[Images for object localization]
-*-*-
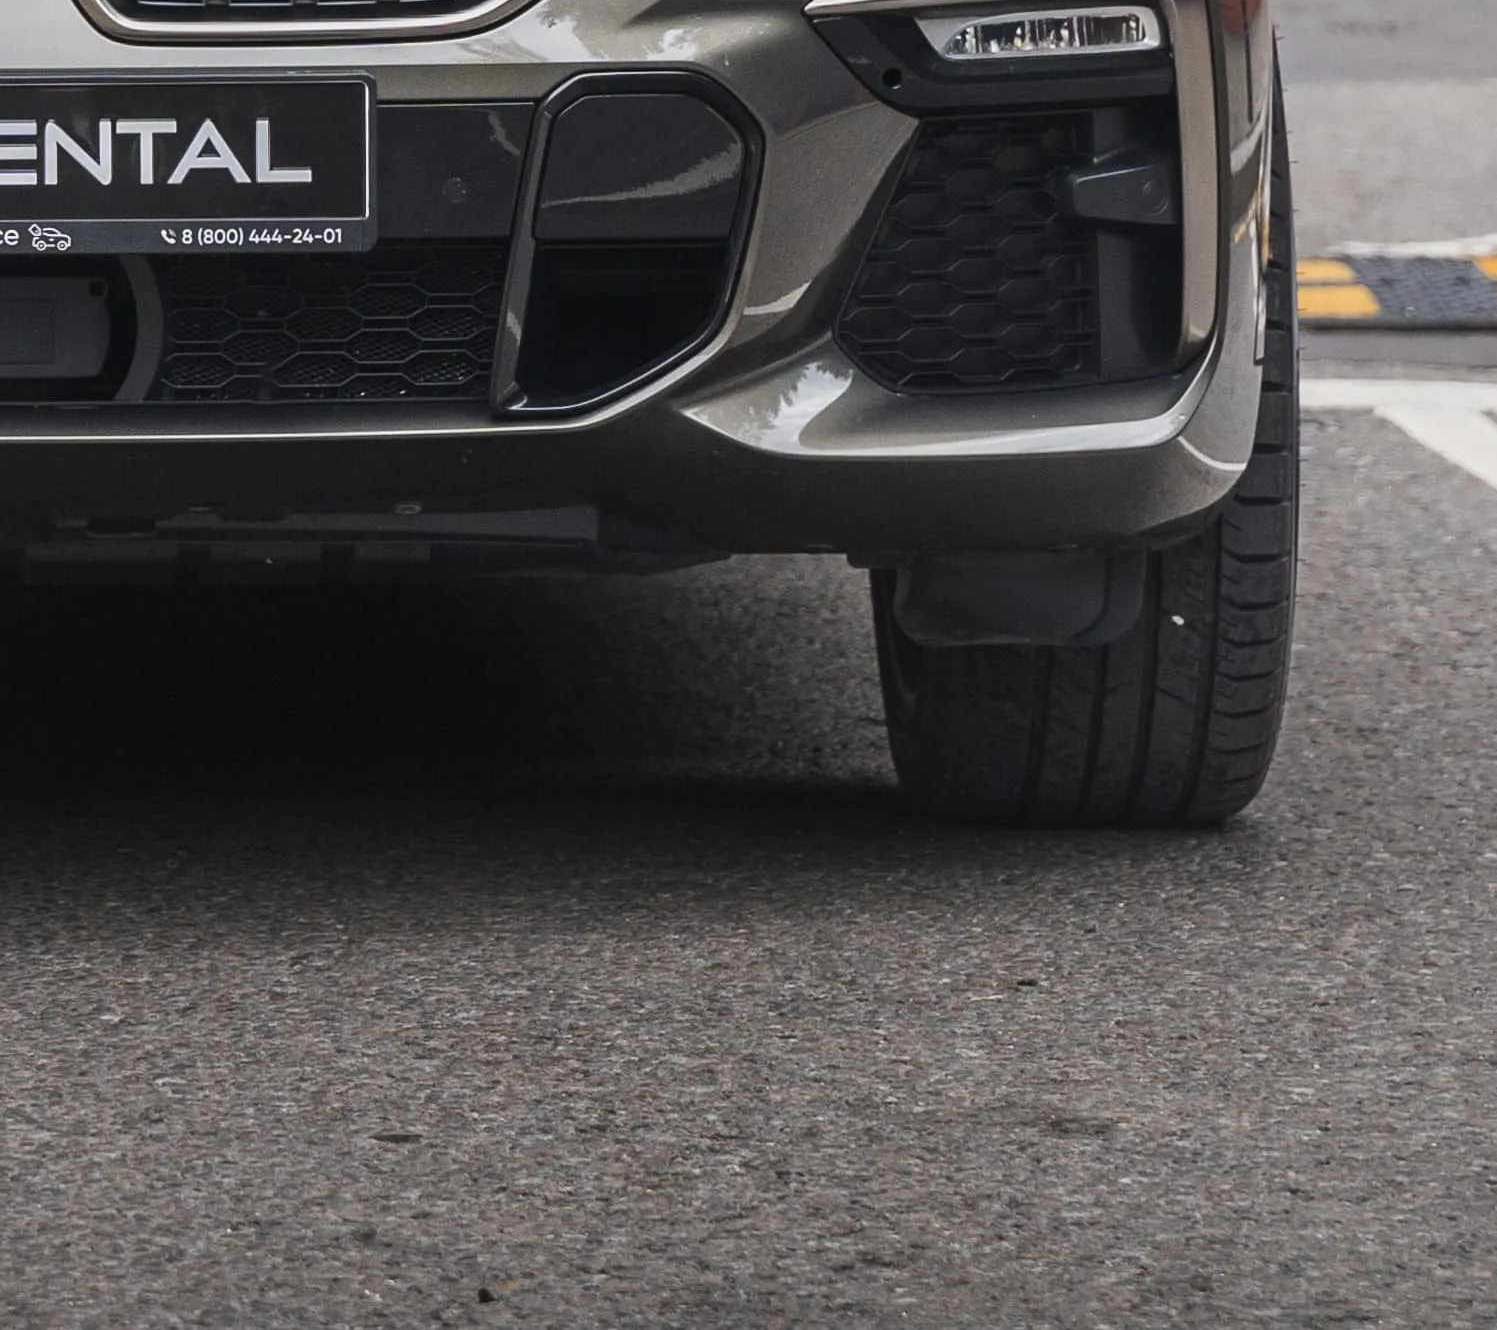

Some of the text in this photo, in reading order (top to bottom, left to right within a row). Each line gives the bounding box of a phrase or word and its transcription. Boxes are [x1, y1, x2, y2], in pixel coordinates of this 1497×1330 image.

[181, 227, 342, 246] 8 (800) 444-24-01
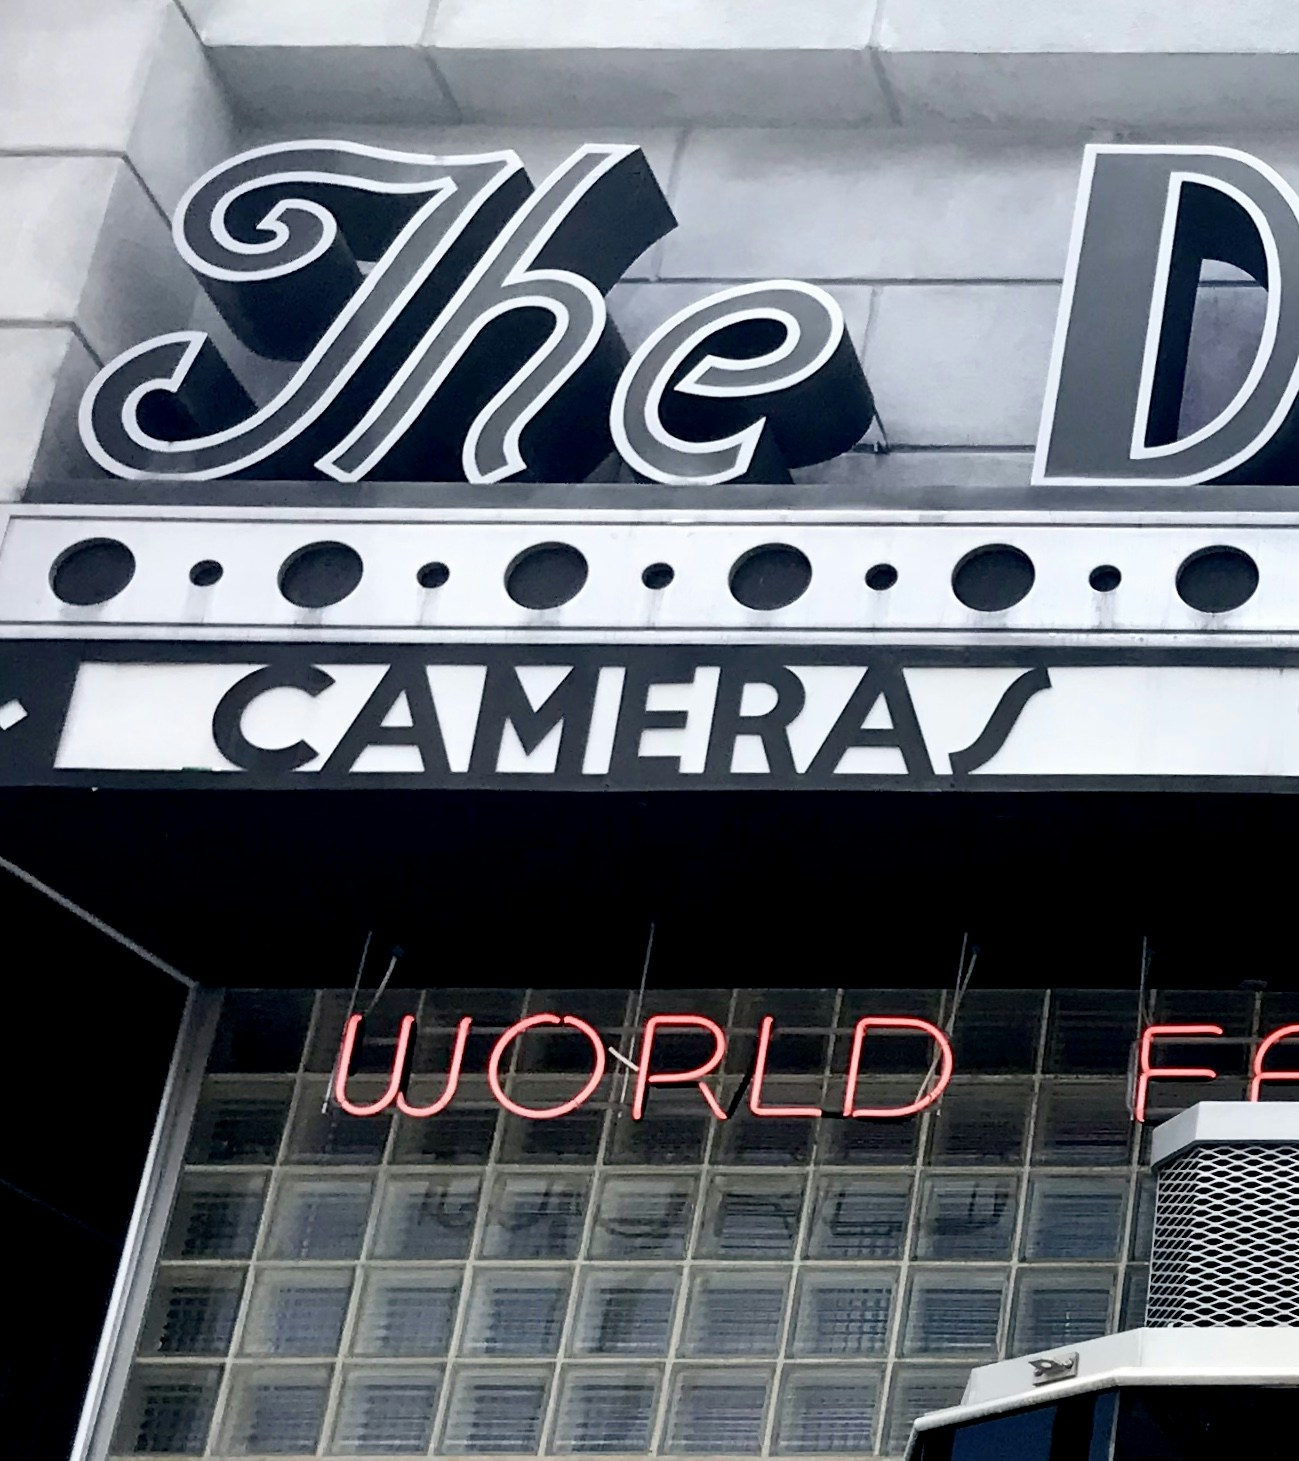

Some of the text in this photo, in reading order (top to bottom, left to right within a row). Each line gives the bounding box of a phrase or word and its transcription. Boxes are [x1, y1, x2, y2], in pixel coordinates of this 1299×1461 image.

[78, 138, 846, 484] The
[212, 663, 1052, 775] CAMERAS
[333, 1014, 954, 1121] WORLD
-*-*-
Exercise goal: Output all the entries exactly, minus any pictures.

Response box:
Some of the text in this photo, in reading order (top to bottom, left to right within a row). Each line gives the bounding box of a phrase or word and its transcription. Boxes are [x1, y1, x2, y2], in pixel coordinates of this 1497×1330 image.

[181, 227, 342, 246] 8 (800) 444-24-01

Some of the text in this photo, in reading order (top to bottom, left to right within a row). Each line gives the bounding box of a phrase or word and its transcription. Boxes are [x1, y1, x2, y2], in pixel coordinates of this 1299×1461 image.

[78, 138, 846, 484] The
[212, 663, 1052, 775] CAMERAS
[333, 1014, 954, 1121] WORLD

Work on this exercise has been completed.